Intensité et gravité des violence

“Il faut rétablir l’ordre dans la maison France pour repousser la délinquance et ces violences qui deviennent de plus en plus brutales”, martèle François-Noël Buffet, ministre auprès de Bruno Retailleau. Le directeur départemental de la police nationale du Rhône n’en dit pas moins, notamment sur le secteur Terreaux, avec un “niveau d’intensité et de gravité des violences en très forte augmentation”. L’action de sécurité du quotidien déployée aux Terreaux et sur le bas des pentes de la Croix-Rousse du 12 au 16 mars a permis le démantèlement d’un point de deal rue des Capucins et l’arrestation de trois trafiquants. Au total, 2 832 personnes ont été contrôlées dans le secteur et les forces de l’ordre – trois cent trente-trois policiers nationaux, quarante-sept policiers municipaux, vingt-six agents de la RATP et des personnels de la Direction départementale de la protection des populations mobilisés – ont procédé à l’interpellation de quarante-huit individus et à vingt mises en garde à vue. Dans le détail, les policiers ont aussi relevé cent quarante-six infractions et délivré cinquante-six amendes forfaitaires délictuelles, “en grande majorité pour la détention et la consommation de stupéfiants”. Auxquelles s’ajoutent quatre-vingt-huit contraventions dans les transports en commun. Enfin, dix étrangers en situation irrégulière ont été remis à la police aux frontières. À la Guillotière, une descente quelques jours plus tard de trois cent soixante-cinq policiers (nationaux et municipaux) a abouti à la mise à disposition de trente-cinq étrangers en situation irrégulière auprès de la police aux frontières et l’arrestation d’un clan mafieux, qui s’adonnait au trafic de stups, dirigé par trois frères d’origine guinéenne, dont deux interdits de territoire.

Adaptation

Les forces de l’ordre doivent aussi s’adapter aux nouveaux projets structurants et plans de circulation lyonnais afin de revoir leurs modalités de patrouille. Anticiper pour mieux prévenir. “Si on veut une réussite totale, il faut un engagement total de tous”, somme Nelson Bouard. “Ne restons pas les bras ballants. Nous avons tous un seul but en la matière : faire baisser cette insécurité, cette délinquance, et arrêter le plus possible de dealers pour les amener devant la justice”, étaie Thierry Dran, le procureur de la République de Lyon. Récemment, une opération policière d’ampleur a été menée dans le quartier du Tonkin, où est installée la brigade spécialisée de terrain (BST) depuis trois mois.

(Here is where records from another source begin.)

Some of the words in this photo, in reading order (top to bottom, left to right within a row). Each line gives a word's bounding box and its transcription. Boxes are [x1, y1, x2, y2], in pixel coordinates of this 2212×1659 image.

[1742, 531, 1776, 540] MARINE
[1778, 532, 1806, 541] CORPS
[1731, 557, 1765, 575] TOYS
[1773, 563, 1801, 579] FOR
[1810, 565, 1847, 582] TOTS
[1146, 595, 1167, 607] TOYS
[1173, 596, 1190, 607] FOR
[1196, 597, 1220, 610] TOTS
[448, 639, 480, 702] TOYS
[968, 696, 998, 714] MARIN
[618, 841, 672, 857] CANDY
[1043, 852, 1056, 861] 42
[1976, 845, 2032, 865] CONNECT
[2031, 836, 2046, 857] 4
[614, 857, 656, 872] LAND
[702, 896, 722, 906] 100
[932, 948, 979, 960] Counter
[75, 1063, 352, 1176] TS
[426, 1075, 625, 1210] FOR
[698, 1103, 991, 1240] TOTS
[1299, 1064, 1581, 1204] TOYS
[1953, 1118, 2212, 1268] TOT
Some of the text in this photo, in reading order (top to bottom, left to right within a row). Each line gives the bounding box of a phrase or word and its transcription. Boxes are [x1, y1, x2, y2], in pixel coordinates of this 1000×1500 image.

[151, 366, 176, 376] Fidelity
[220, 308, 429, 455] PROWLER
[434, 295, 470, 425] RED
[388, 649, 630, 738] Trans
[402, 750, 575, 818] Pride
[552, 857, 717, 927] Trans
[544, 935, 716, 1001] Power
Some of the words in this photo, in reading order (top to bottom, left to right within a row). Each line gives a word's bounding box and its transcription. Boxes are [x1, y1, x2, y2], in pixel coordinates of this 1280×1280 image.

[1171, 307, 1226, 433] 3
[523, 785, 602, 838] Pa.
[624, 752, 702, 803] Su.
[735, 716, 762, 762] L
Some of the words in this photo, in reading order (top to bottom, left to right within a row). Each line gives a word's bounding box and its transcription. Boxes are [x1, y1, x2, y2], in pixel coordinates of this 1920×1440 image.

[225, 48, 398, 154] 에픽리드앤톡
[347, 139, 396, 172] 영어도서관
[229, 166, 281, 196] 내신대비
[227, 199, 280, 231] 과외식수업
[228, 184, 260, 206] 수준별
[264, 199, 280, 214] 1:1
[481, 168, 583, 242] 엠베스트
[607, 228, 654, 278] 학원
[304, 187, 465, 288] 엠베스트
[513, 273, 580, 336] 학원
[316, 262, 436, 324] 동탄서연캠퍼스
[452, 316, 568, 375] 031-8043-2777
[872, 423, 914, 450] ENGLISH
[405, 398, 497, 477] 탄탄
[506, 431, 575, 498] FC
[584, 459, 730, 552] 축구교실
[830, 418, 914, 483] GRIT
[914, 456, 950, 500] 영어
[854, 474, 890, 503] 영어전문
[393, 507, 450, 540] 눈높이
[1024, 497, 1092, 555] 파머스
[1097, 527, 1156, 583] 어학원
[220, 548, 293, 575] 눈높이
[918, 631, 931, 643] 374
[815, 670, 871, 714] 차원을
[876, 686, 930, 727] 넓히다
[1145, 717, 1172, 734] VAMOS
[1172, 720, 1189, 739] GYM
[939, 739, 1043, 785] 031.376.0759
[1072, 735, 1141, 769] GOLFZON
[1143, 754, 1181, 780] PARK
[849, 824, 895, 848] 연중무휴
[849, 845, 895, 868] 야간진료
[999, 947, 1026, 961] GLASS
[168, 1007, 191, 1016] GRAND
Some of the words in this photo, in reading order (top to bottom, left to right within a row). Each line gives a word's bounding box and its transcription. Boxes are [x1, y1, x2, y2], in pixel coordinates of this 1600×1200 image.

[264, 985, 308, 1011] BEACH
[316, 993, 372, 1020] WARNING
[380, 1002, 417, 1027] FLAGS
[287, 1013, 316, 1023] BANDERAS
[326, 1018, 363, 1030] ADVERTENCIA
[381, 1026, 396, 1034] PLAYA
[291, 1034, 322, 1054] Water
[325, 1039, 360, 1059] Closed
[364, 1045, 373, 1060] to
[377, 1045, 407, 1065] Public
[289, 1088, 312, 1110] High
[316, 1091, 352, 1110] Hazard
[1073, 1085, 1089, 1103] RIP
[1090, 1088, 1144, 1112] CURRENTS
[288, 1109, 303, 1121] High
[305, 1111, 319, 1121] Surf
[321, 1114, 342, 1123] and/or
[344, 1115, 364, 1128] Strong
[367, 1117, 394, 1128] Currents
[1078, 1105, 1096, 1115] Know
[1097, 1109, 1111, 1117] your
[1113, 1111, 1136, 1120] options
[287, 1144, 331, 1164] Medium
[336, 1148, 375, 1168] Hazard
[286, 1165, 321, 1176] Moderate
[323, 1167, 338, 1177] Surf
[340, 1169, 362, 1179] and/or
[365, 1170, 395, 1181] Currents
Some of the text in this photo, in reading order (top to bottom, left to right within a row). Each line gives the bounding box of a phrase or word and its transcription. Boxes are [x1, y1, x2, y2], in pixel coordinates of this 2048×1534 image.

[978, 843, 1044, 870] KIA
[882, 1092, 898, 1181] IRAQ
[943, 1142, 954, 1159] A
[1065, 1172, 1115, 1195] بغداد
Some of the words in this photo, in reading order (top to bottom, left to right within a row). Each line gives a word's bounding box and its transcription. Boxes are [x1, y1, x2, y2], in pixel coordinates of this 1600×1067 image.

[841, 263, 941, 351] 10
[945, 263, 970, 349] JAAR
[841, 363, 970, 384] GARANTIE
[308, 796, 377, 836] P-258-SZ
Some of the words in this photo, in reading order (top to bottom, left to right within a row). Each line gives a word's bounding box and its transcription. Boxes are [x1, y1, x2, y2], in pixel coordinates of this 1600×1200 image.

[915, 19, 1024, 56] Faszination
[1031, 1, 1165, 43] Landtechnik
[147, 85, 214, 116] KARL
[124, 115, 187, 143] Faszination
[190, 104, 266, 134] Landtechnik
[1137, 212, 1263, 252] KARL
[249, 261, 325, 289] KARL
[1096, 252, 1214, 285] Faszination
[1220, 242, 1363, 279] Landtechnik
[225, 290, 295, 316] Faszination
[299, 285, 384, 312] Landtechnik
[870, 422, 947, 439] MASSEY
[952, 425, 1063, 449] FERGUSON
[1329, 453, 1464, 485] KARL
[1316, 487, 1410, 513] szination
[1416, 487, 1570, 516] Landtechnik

Indicateurs de délinquance en hausse

Nouvelle action coup de poing, quelques jours après l’interpellation de dix individus sur un point de deal rue Jacques-Brel ou opération de communication ? “Ce n’est pas fini, il faut tenir dans la durée. C’est le plan que l’on a présenté. La présence continue, plus de sept cents policiers vont être mobilisés sur ce quartier pendant plusieurs semaines”, promet la préfète Fabienne Buccio. Selon le service statistique ministériel de la sécurité intérieure, sur les dix-sept indicateurs pris en compte, onze sont en hausse, dont +2,2 % pour les homicides, +8,3 % pour les tentatives d’homicides, +4,5 % pour les coups et blessures volontaires, +16,5 % pour les violences sexuelles et +11,3 % pour le trafic de stupéfiants. Chaque jour, plus de quarante-cinq Lyonnais sont victimes d’une agression.